**Stored data**

● ● ● ● ● ● ●

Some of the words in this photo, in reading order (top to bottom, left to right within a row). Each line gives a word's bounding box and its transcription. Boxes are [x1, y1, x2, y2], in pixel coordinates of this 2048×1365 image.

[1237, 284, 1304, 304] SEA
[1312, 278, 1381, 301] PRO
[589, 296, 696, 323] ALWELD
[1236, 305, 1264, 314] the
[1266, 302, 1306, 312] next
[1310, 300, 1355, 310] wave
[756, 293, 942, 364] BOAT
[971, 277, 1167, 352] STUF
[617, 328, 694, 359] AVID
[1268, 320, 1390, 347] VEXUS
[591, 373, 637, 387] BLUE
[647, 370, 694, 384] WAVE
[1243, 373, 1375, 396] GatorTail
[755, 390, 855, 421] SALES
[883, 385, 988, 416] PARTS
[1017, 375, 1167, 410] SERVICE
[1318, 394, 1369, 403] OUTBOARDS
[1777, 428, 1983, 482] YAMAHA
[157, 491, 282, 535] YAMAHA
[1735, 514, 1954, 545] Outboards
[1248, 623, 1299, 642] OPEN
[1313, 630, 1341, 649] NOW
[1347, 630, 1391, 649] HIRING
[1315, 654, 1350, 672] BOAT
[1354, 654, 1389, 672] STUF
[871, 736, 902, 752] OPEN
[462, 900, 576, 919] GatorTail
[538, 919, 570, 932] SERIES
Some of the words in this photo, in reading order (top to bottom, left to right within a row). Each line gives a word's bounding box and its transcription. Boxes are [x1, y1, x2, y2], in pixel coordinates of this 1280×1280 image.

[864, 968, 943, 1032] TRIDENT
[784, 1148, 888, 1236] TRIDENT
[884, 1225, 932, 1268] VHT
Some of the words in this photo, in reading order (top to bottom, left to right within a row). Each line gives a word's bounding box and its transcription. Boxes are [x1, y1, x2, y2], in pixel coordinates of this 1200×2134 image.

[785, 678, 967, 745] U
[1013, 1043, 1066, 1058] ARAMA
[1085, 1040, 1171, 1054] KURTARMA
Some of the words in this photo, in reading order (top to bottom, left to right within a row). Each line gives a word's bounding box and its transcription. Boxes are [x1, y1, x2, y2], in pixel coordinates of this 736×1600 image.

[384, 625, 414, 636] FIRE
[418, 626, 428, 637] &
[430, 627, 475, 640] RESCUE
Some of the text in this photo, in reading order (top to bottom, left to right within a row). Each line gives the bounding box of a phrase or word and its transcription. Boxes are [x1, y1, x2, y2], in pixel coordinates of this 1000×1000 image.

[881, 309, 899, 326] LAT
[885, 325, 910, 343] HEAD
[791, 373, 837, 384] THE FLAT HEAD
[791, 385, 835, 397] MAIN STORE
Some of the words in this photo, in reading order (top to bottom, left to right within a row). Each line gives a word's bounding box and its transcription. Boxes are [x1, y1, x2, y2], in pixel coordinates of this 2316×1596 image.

● ● ● ● ● ● ●

Whatever appears in the material must be set down again, word for word.

**Task solution**
Some of the words in this photo, in reading order (top to bottom, left to right within a row). Each line gives a word's bounding box and its transcription. Boxes are [x1, y1, x2, y2], in pixel coordinates of this 2048×1365 image.

[1237, 284, 1304, 304] SEA
[1312, 278, 1381, 301] PRO
[589, 296, 696, 323] ALWELD
[1236, 305, 1264, 314] the
[1266, 302, 1306, 312] next
[1310, 300, 1355, 310] wave
[756, 293, 942, 364] BOAT
[971, 277, 1167, 352] STUF
[617, 328, 694, 359] AVID
[1268, 320, 1390, 347] VEXUS
[591, 373, 637, 387] BLUE
[647, 370, 694, 384] WAVE
[1243, 373, 1375, 396] GatorTail
[755, 390, 855, 421] SALES
[883, 385, 988, 416] PARTS
[1017, 375, 1167, 410] SERVICE
[1318, 394, 1369, 403] OUTBOARDS
[1777, 428, 1983, 482] YAMAHA
[157, 491, 282, 535] YAMAHA
[1735, 514, 1954, 545] Outboards
[1248, 623, 1299, 642] OPEN
[1313, 630, 1341, 649] NOW
[1347, 630, 1391, 649] HIRING
[1315, 654, 1350, 672] BOAT
[1354, 654, 1389, 672] STUF
[871, 736, 902, 752] OPEN
[462, 900, 576, 919] GatorTail
[538, 919, 570, 932] SERIES
Some of the words in this photo, in reading order (top to bottom, left to right within a row). Each line gives a word's bounding box and its transcription. Boxes are [x1, y1, x2, y2], in pixel coordinates of this 1280×1280 image.

[864, 968, 943, 1032] TRIDENT
[784, 1148, 888, 1236] TRIDENT
[884, 1225, 932, 1268] VHT
Some of the words in this photo, in reading order (top to bottom, left to right within a row). Each line gives a word's bounding box and its transcription. Boxes are [x1, y1, x2, y2], in pixel coordinates of this 1200×2134 image.

[785, 678, 967, 745] U
[1013, 1043, 1066, 1058] ARAMA
[1085, 1040, 1171, 1054] KURTARMA
Some of the words in this photo, in reading order (top to bottom, left to right within a row). Each line gives a word's bounding box and its transcription. Boxes are [x1, y1, x2, y2], in pixel coordinates of this 736×1600 image.

[384, 625, 414, 636] FIRE
[418, 626, 428, 637] &
[430, 627, 475, 640] RESCUE
Some of the text in this photo, in reading order (top to bottom, left to right within a row). Each line gives the bounding box of a phrase or word and its transcription. Boxes are [x1, y1, x2, y2], in pixel coordinates of this 1000×1000 image.

[881, 309, 899, 326] LAT
[885, 325, 910, 343] HEAD
[791, 373, 837, 384] THE FLAT HEAD
[791, 385, 835, 397] MAIN STORE
Some of the words in this photo, in reading order (top to bottom, left to right within a row). Each line gives a word's bounding box and its transcription. Boxes are [x1, y1, x2, y2], in pixel coordinates of this 2316×1596 image.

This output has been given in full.